#### DESCRIPTION OF THE TASK
Your reply should reproduce the data below without a single alteration, apart from dropping the images.

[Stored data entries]
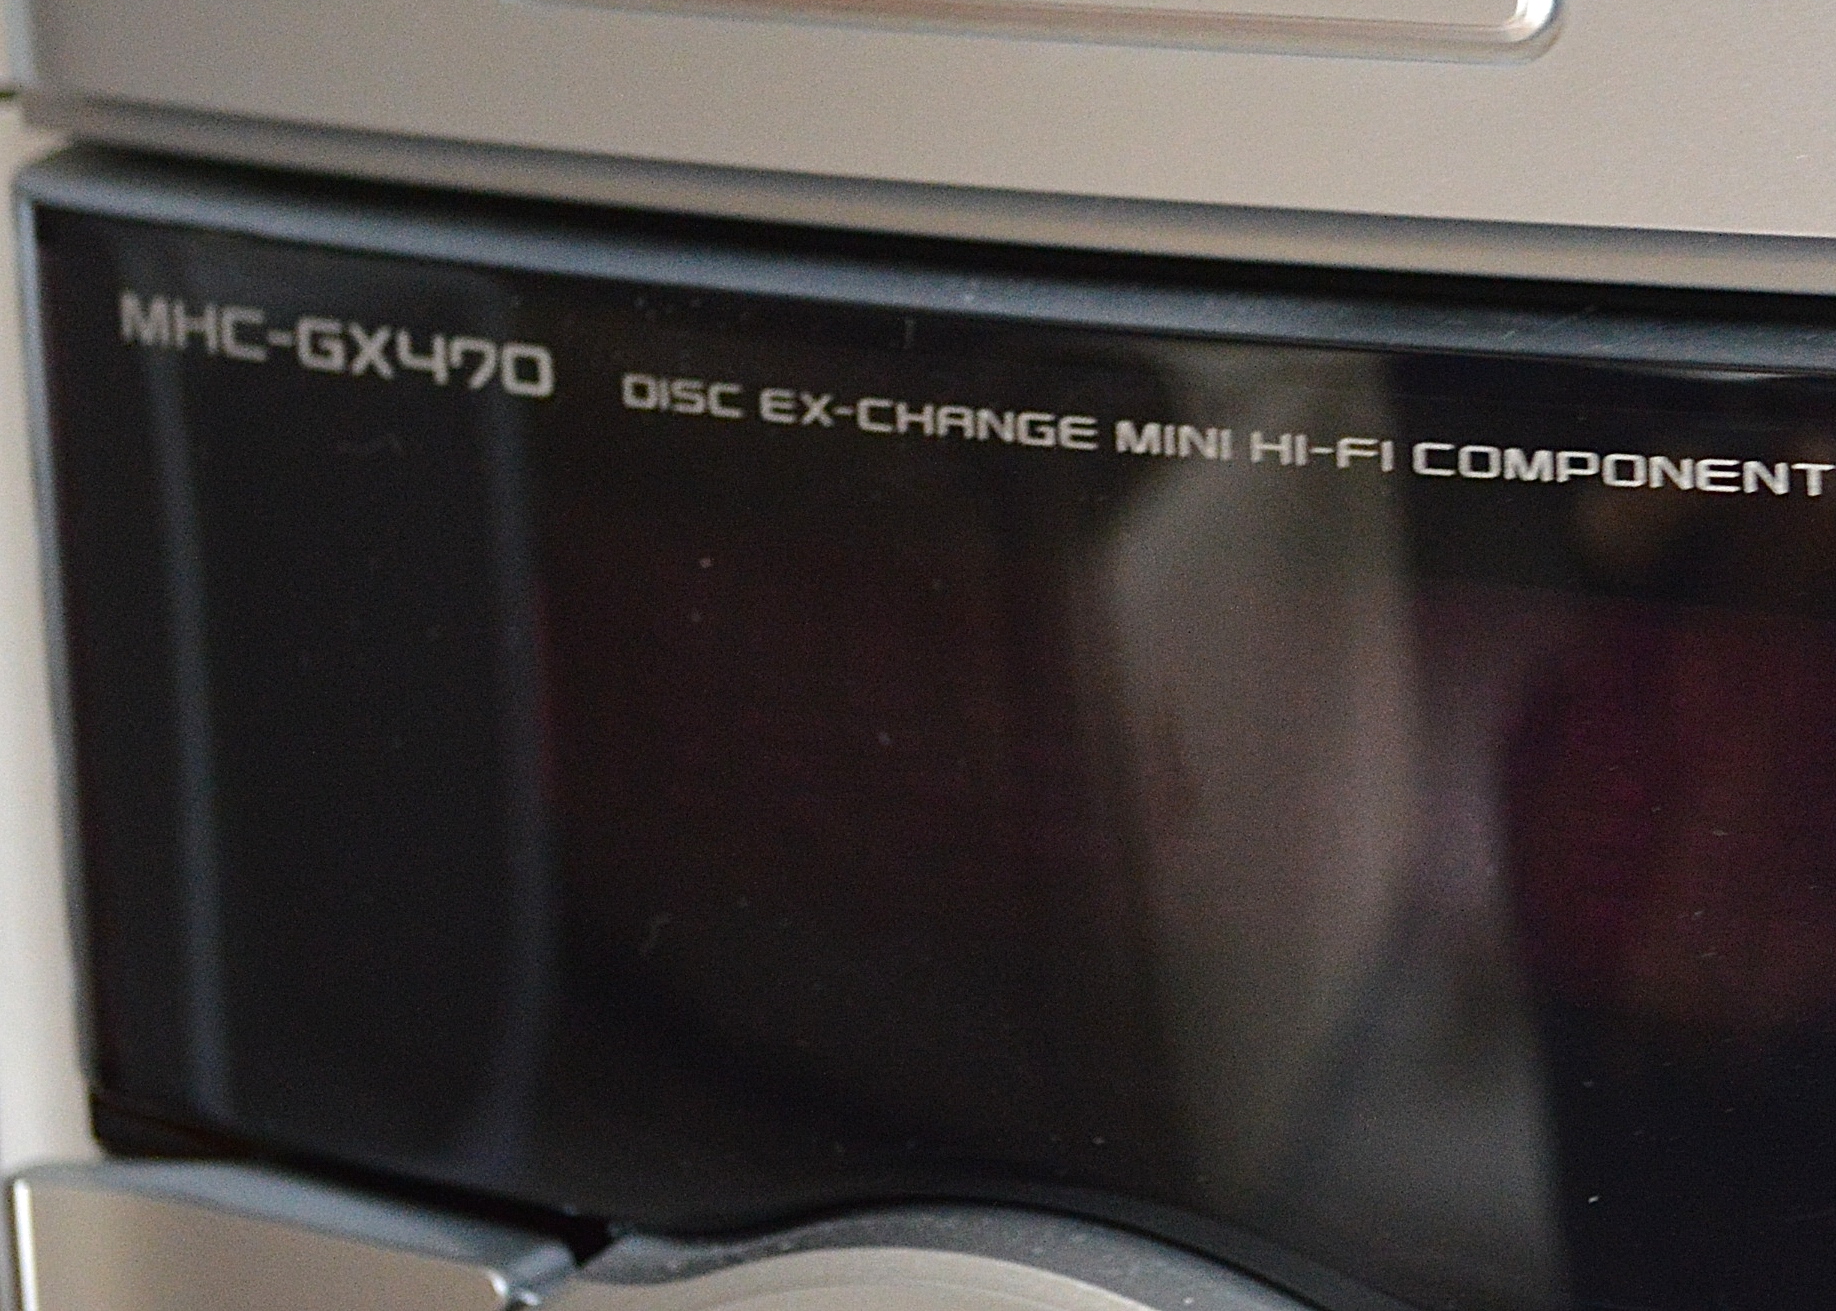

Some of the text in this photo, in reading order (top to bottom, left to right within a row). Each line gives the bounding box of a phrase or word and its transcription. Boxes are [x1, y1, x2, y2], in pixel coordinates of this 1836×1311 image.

[117, 288, 555, 399] MHC-GX470
[621, 372, 744, 420] DISC
[758, 387, 1099, 452] EX-CHANGE
[1114, 419, 1233, 462] MINI
[1249, 430, 1395, 473] HI-FI
[1411, 442, 1836, 497] COMPONENT

#### REPLY
Some of the text in this photo, in reading order (top to bottom, left to right within a row). Each line gives the bounding box of a phrase or word and its transcription. Boxes are [x1, y1, x2, y2], in pixel coordinates of this 1836×1311 image.

[117, 288, 555, 399] MHC-GX470
[621, 372, 744, 420] DISC
[758, 387, 1099, 452] EX-CHANGE
[1114, 419, 1233, 462] MINI
[1249, 430, 1395, 473] HI-FI
[1411, 442, 1836, 497] COMPONENT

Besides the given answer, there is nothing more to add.